Como yo dormía en la casa siempre estaba presente antes de la llegada de los demás alumnos; incluso por la mañana temprano asistía a Pin calentando el agua para preparar su primera dosis, sin la cuál no podía evidentemente funcionar. Le ayudaba con gusto porque entendía de lo que se trataba; también había yo pasado alguna vez por ese trance, aunque nunca a esos niveles. La heroína es una droga dura; dura y maldita; cuando empiezas tocas el cielo, pero cuando terminas rayas en el infierno. Y Pin tocaba el infierno por las mañanas. Se despertaba temprano tiritando de frío por la abstinencia, y se dirigía temblando a la cocina, se ligaba fuertemente el brazo con una goma para evidenciar la vena y el punto donde inyectarse, y se aplicaba su dosis como un autómata. Era grotesco verlo entrar a la cocina, prácticamente arrastrándose, pero reconfortaba verlo salir sonriente y lleno de vida para empezar el día. Esa fue una parte de la cotidianidad que compartí con él en aquel período. Nos hacíamos luego un té y esperábamos al resto de los alumnos para empezar el taller.
La gente llegaba y cada uno buscaba un rincón donde acomodarse; todos sentados en el piso, y con frío. No había sillas en aquella casa y la madera para la chimenea se había generalmente acabado durante la noche anterior. Cada uno con su cuaderno y su lápiz. Pin sobre un pequeño e improvisado pizarrón empezaba a explicarnos con infinita paciencia los intervalos, la formación de los acordes, los primeros secretos de la armonía y el contrapunto.
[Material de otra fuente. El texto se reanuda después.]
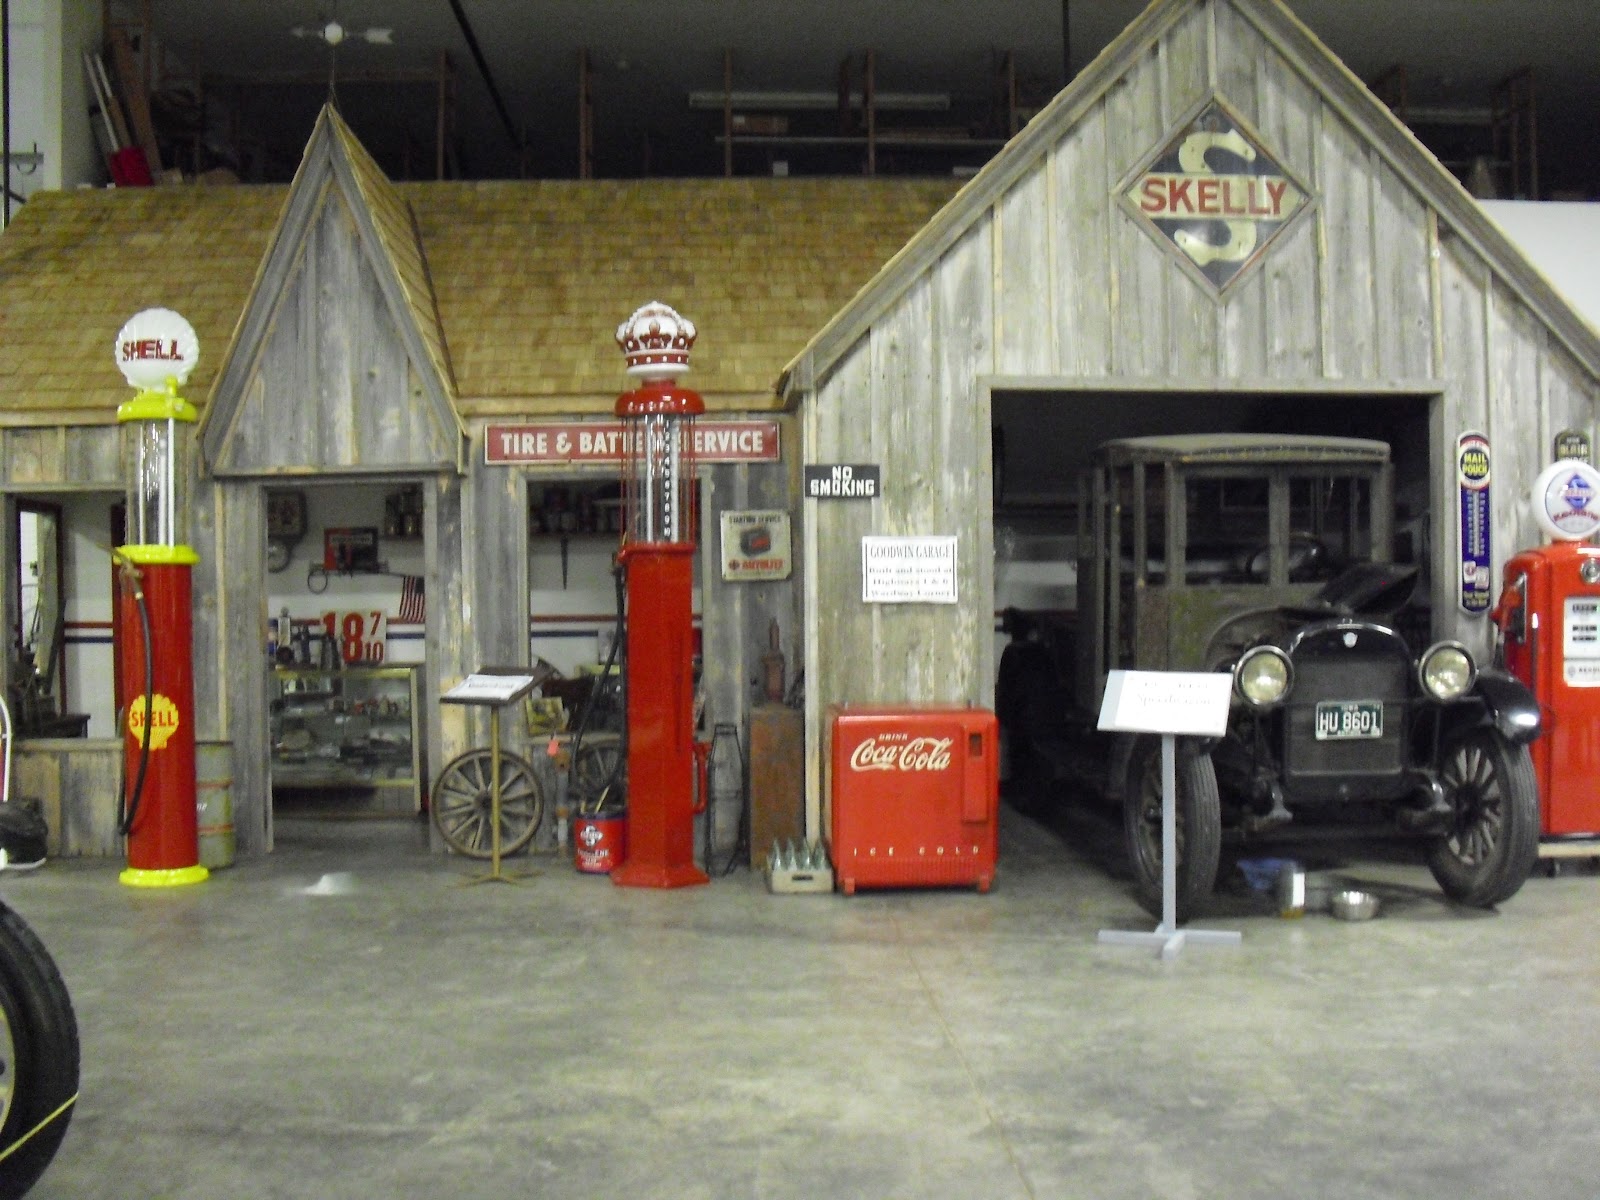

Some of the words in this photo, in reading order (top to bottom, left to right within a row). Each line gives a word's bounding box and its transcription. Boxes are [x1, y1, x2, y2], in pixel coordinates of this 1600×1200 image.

Tomábamos nota y hacíamos los ejercicios que nos iba poniendo el maestro. Pin daba el tiempo que cada uno necesitaba para entender cada cosa, y casi con cariño se ponía al lado del que tenía dificultad para volver a explicarle cada pequeña duda. Transcurría sin contratiempos la clase, aunque con el avance de la mañana se empezaba a poner molesto e irascible. Iniciaba a sudar, a enervarse y a perder poco a poco la paciencia. Se ofendía con el que no entendía algo y regañaba al que no le hacía bien los ejercicios; hasta ponerse tan irascible que todos nos dábamos cuenta que el efecto del caballo se le estaba pasando y la abstinencia lo empezaba a torturar.
Llegado ese punto ponía a hervir agua y todos entendíamos perfectamente que era para preparar otra dosis y ensillar su caballo. Nosotros nos dábamos cuenta de todo pero obviamente ninguno tenía el derecho, ni era capaz de decir nada. Pin desaparecía en la cocina y desde adentro murmuraba correcciones y daba indicaciones sobre el ejercicio que nos había dejado. Era tal el grado de confianza al que habíamos llegado que a veces se olvidaba de lo que estaba haciendo y se asomaba para corregir con la camisa remangada, el brazo alzado y rodeado de aquella goma y un cabo de la misma cogido con los dientes para ajustarla. Cuando terminaba de inyectarse salía de la cocina y entraba sonriente, con los ojos brillantes; y así continuaba su clase con ímpetu y recargado de la paciencia que había perdido. Era dramático y conmovedor en esas ocasiones ver a Pin, pequeño como un niño, con su pelo ensortijado y sus ojos claros como nublados, tratando de sobrellevar el drama que lo consumía. Pero aquellos eran tiempos en que esas cosas eran normales, y la vida debía continuar.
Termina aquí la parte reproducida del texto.